IF you wanted words to celebrate a love which was cut short by death what better choice could you make than Lakeland’s romantic poet William Wordsworth?

An extract from The Prelude, his most highly-regarded work, is carved in marble on the pedestal of a striking statue of a young woman in Norwich Cathedral.

She was Violet Vaughan Morgan, secretary to the bishop of Norwich who died of Spanish flu on February 22 in 1919 at the age of just 22.

Dozens of people in South Cumbria - we will probably never know just how many - died of the flu pandemic in 1918 and 1919.

It particularly took the lives of children and young adults.

The subject of Violet Morgan's affections – and of several of her poems – was Bishop Bertram Pollock, who lived from 1863 to 1943.

It was expected that they would marry, despite he being 35 years older than her.

The bishop officiated at her burial in Caistor churchyard.

Her memorial was commissioned in 1921 from the sculptor Francis Derwent Wood by Violet’s parents Evelyn and Penry Vaughan Morgan, a newspaper proprietor who lived at The Priory, Puttenham.

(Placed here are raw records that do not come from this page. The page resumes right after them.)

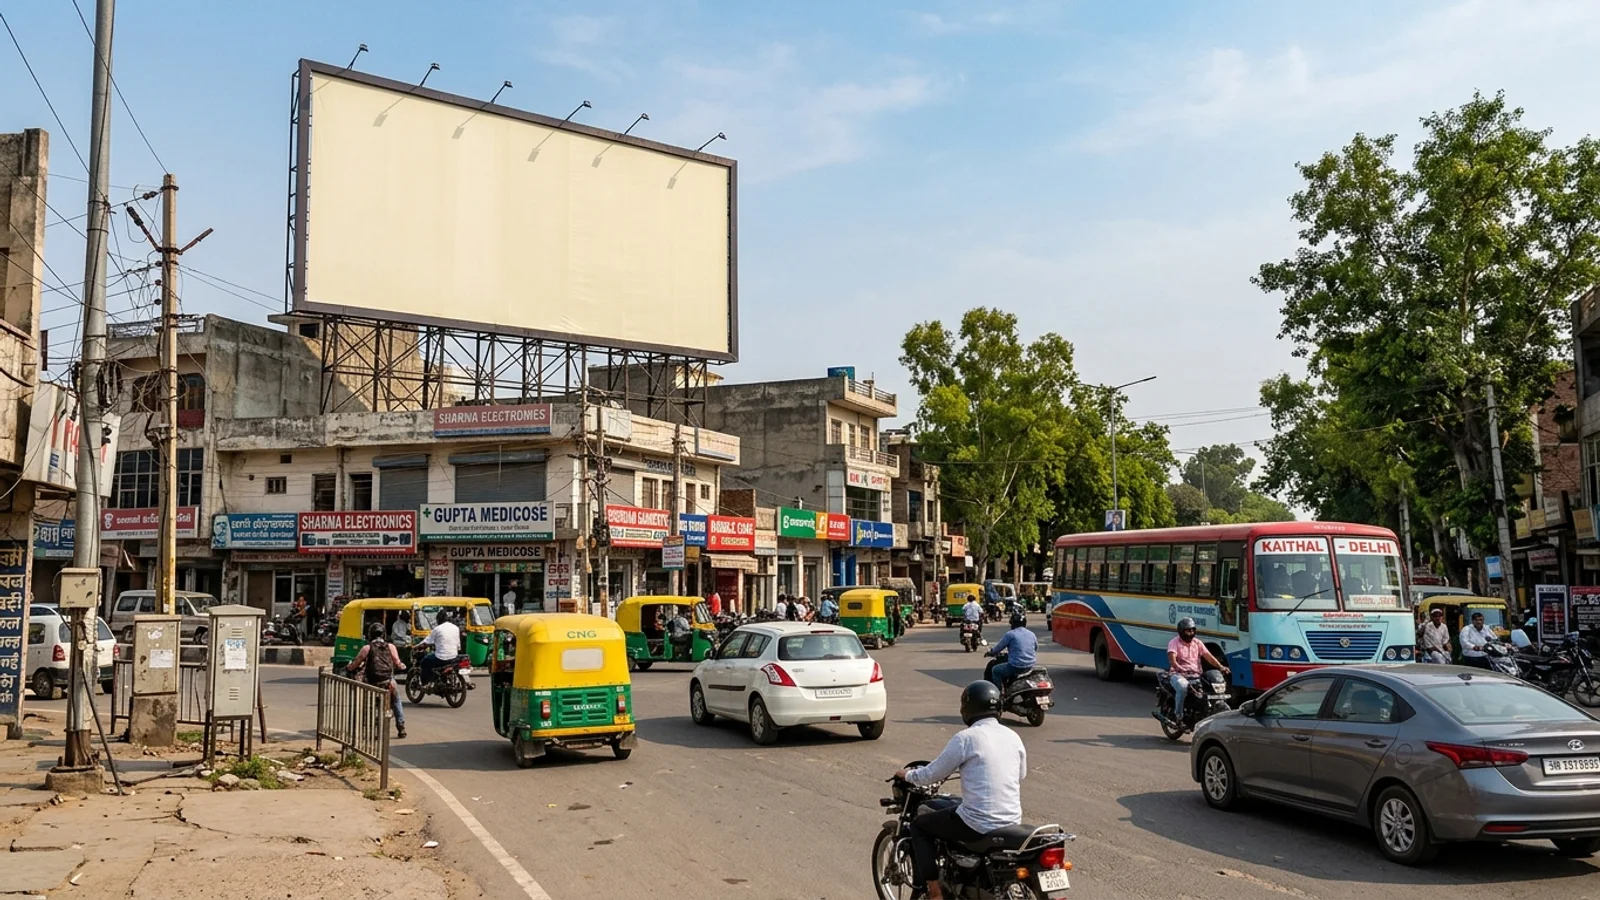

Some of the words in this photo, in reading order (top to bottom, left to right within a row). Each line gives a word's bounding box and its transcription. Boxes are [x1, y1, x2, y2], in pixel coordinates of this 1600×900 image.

[345, 514, 412, 529] ELECTRONICS
[434, 507, 477, 523] GUPTA
[480, 506, 547, 522] MEDICOSE
[451, 547, 485, 557] GUPTA
[1262, 540, 1324, 552] KAITHAL
[1349, 541, 1392, 554] DELHI
[567, 630, 597, 639] CNG

Wordsworth’s wording on the statue base is:

I knew a maid, a young enthusiast:

Birds in the bower, and Lambs in the green field

Could they have known her, would have loved; methought

Her very presence such a sweetness breathed,

That flowers & trees and even the silent hills,

And everything she looked on, should have had

An intimation how she bore herself

Towards them, & to all creatures, God delights

In such a being; for her common thoughts

Are pity, her life is gratitude.

The Prelude was started in 1798 when Wordsworth was aged 28 and he continued to work on this semi-biographical work for the rest of his life.

It was not published until three months after his death in 1850.

Wordsworth was born in 1770 and spent his most productive period and later life in Lakeland, being most strongly associated with Dove Cottage at Grasmere.

The Norwich statue also has a verse from one of violet’s own poems:

“No voice shall break the glory of the stillness

“Or touch the joy that our two soul’s fulfills

“And we shall see the splendour of the morning dawn on the hills.”